Benchmark Indian equity indices closed significantly low on Monday due to increased geopolitical conflict between the US and Iran, which triggered the weaker global cues. The Sensex plummeted 1,048.34 points or 1.29 per cent to end at 80,238.85. It tanked 2,743.46 points or 3.37 per cent to 78,543.73 in early trade. Nifty tumbled 575.15 points or 2.28 per cent to 24,603.50 in intra-day trade. It 50 dropped 313 points or 1.24 per cent down to close at 24,866, below the 24,900 level.
“These developments could mark the beginning of a sustained period of elevated volatility rather than a one-off reaction. In such environments, purely long-only strategies often struggle, as sharp swings, sector rotations, and correlation spikes reduce the effectiveness of directional bets. For investors, this is a timely reminder of the importance of diversification beyond traditional long-only portfolios. Allocating to risk-managed, hedged, and non-directional strategies can help navigate drawdowns while seeking consistent returns across cycles. India’s structural growth story remains intact, but disciplined capital allocation and strategy diversification will be critical in navigating the months ahead,” Amandeep Singh Uberoi, founder and CIO of Creencia Consulting, said.
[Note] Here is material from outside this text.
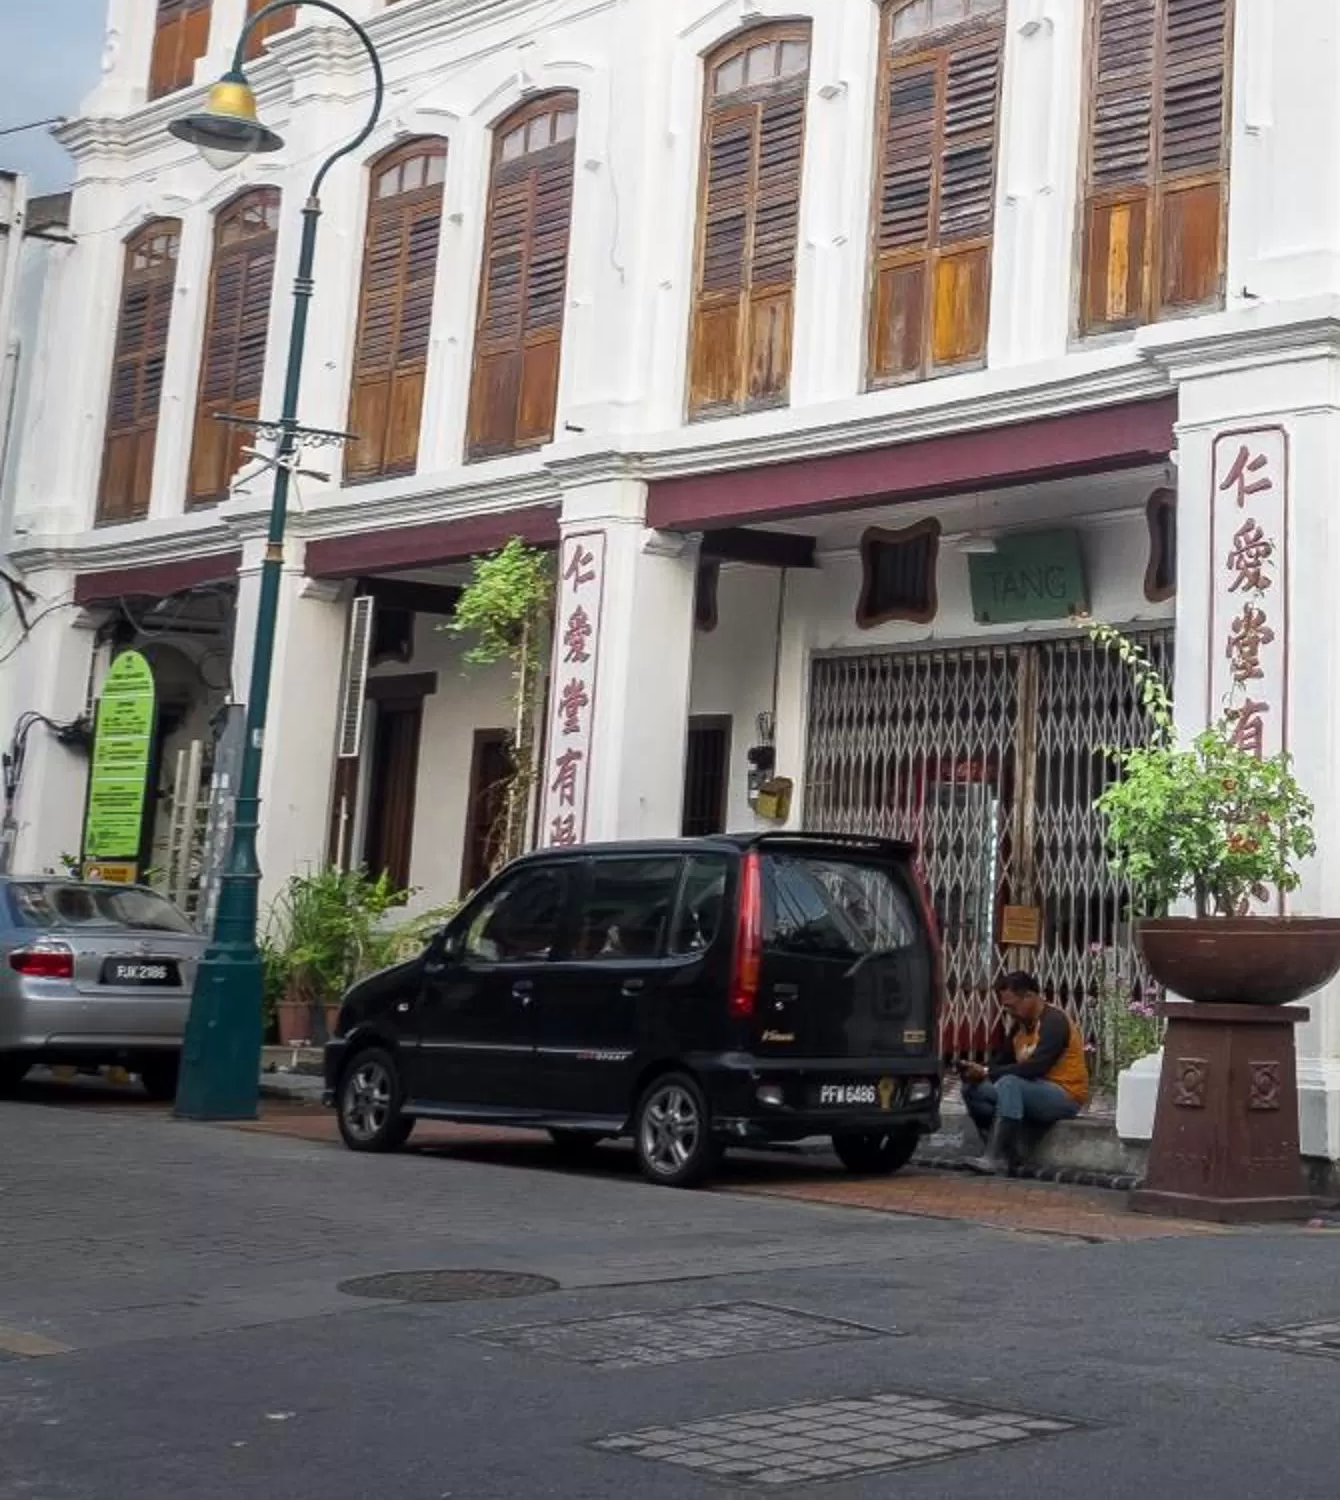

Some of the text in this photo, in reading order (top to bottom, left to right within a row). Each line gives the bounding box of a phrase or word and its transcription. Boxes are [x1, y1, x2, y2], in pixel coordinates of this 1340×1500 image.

[982, 565, 1067, 606] TANG
[1220, 444, 1275, 915] 仁愛堂有
Rajesh Singla, CEO & fund manager, Alpha AIF, said the 2,000-point correction in Indian markets on Monday following the escalation between Israel and Iran was a classic geopolitical risk repricing event rather than a structural breakdown of India’s growth story. Markets were forward-looking, and what we were witnessing was a sharp but sentiment-driven recalibration of risk premiums particularly linked to crude oil volatility, currency pressure and potential global capital flight toward safe havens.